The Overcrowded Trauma Center
A few years ago, a community hospital in a New York suburb had completed construction of a new state-of-the-art emergency suite that the city had awarded a Level I Trauma Center designation. This coveted assignment meant that the 911-system ambulances would bring all trauma cases within a certain catchment area. This would translate to nice increases in hospital revenue. The opening day ceremony went off with the usual fanfare, starting with an array of speeches by politicians, followed by the mayor's ribbon cutting. The CEO gave his usual recitation about human service and saving lives.
Soon thereafter, it became obvious that this new emergency department was defective in its design in that it was too small to meet the needs of the community. The area became so overcrowded that the management decided to "double-bunk" the patient cubicles. That meant putting two stretchers in a space the architects had designed for one. At times, the patients remained on the ambulance gurneys lined up in the corridor with the paramedics waiting more than an hour for an available emergency room bed. It was like watching the landed airplanes at LaGuardia Airport waiting on the tarmac for an open terminal. The walk-in patients had to wait ninety minutes just to see the triage nurse and nine hours for a doctor unless the nurse thought the patient might die in the waiting room. In those cases, the triage nurse would walk the patient into the main treatment area to be seated in a chair in front of the nurses' station. These poor souls usually waited two to three hours for a stretcher, and that was because the nurse considered them a high priority. One such patient, a seventy-three-year-old man, collapsed from his chair and had to be treated while lying on the floor for a few minutes because there was no place to put him until a stretcher appeared from the x-ray corridor (the patient in x-ray was probably wondering what happened to her stretcher).

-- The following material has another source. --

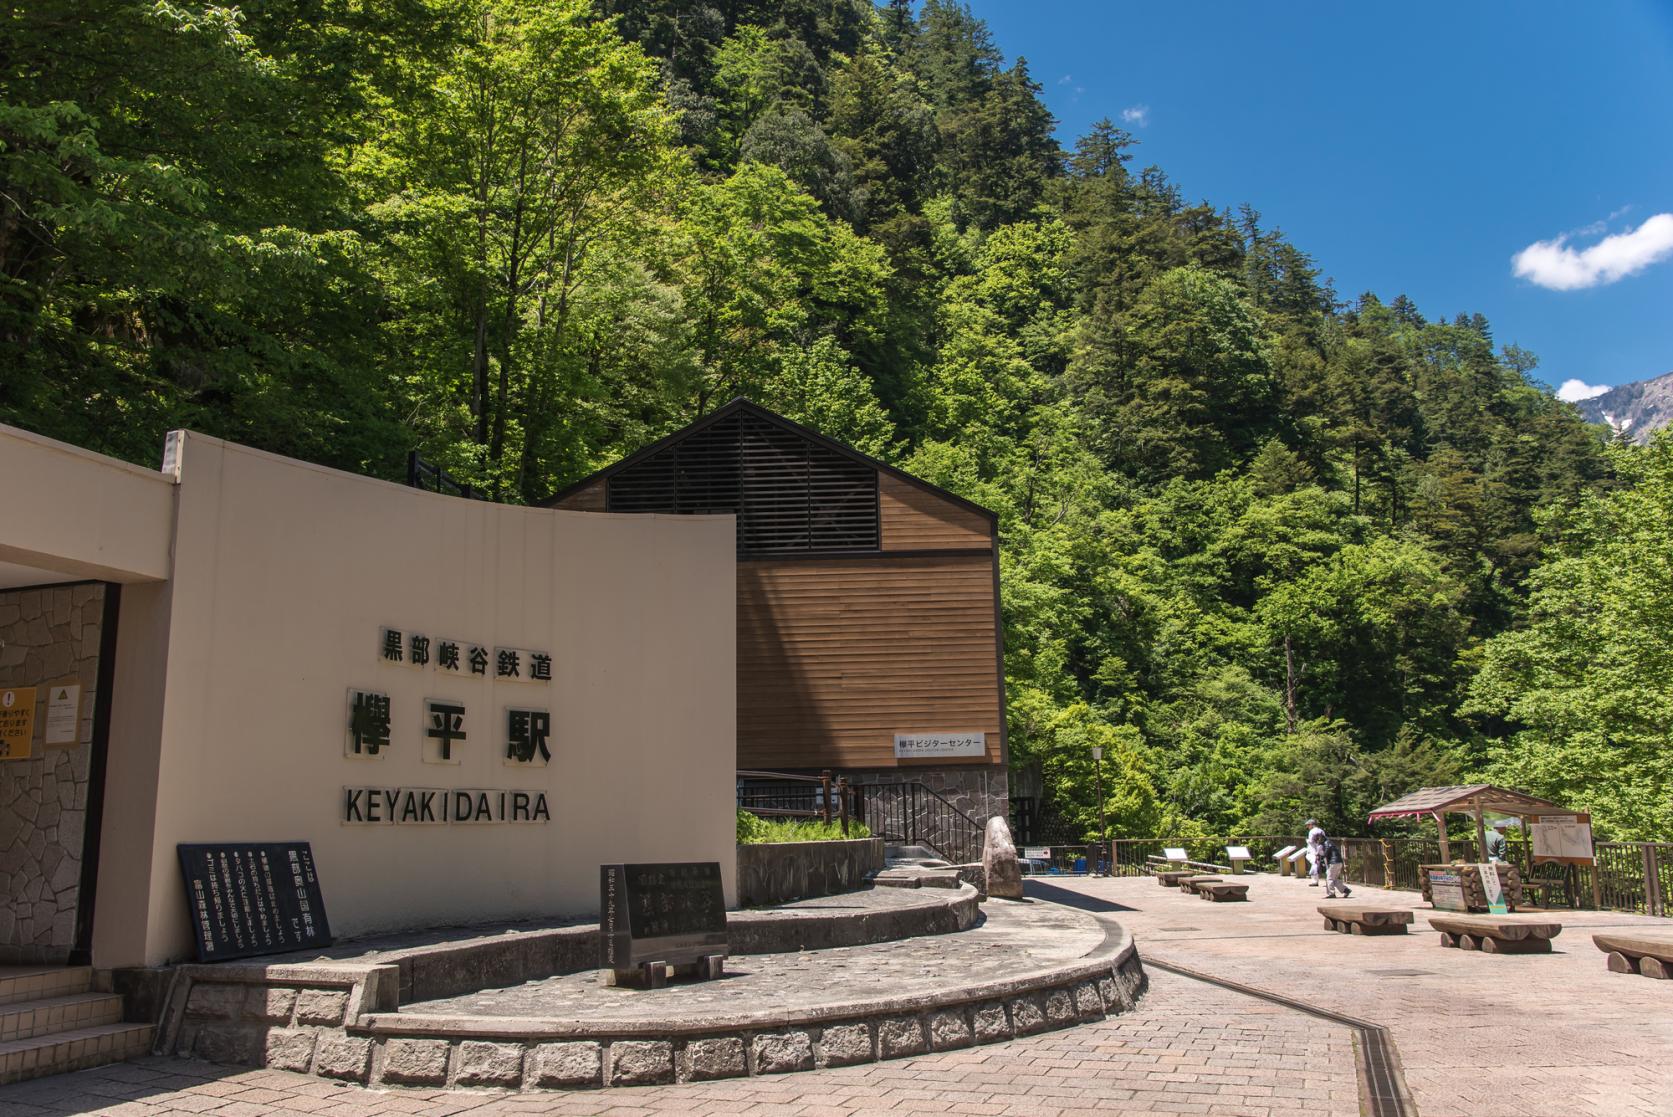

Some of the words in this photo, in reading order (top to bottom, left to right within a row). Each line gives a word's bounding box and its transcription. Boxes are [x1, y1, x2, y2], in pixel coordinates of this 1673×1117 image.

This situation continued for about fourteen months, until there were so many complaints to the mayor's office that the mayor gave the CEO an ultimatum to fix the situation. The nursing director hired me to survey the emergency department and come up with some recommendations. I joined a committee of doctors, nurses, paramedics, and community leaders. We resolved most of the problems within two months. It was simply a matter of changing the mind-set of the professional staff, speeding up the process of making beds available on the floors, and decreasing the four-hour turnaround time for emergency room laboratory tests. We also stopped the practice of keeping admitted patients in the emergency department for diagnostic tests that doctors could perform in other areas and made a few other adjustments in handling the patient flow. The emergency department continued to have crowding problems, but it became tolerable. The point of this scenario is that these changes would not have taken place without community activism causing a barrage of complaints that triggered off a political backlash.
In brief, this story embodies the theory that the public's blind trust in the current corporate culture of hospital management is unjustifiable. How many people would be willing to fly if the airline industry reported 100,000 passenger deaths and 300,000 catastrophic injuries each year due to negligence or structural design defects? How long would you tolerate such performance?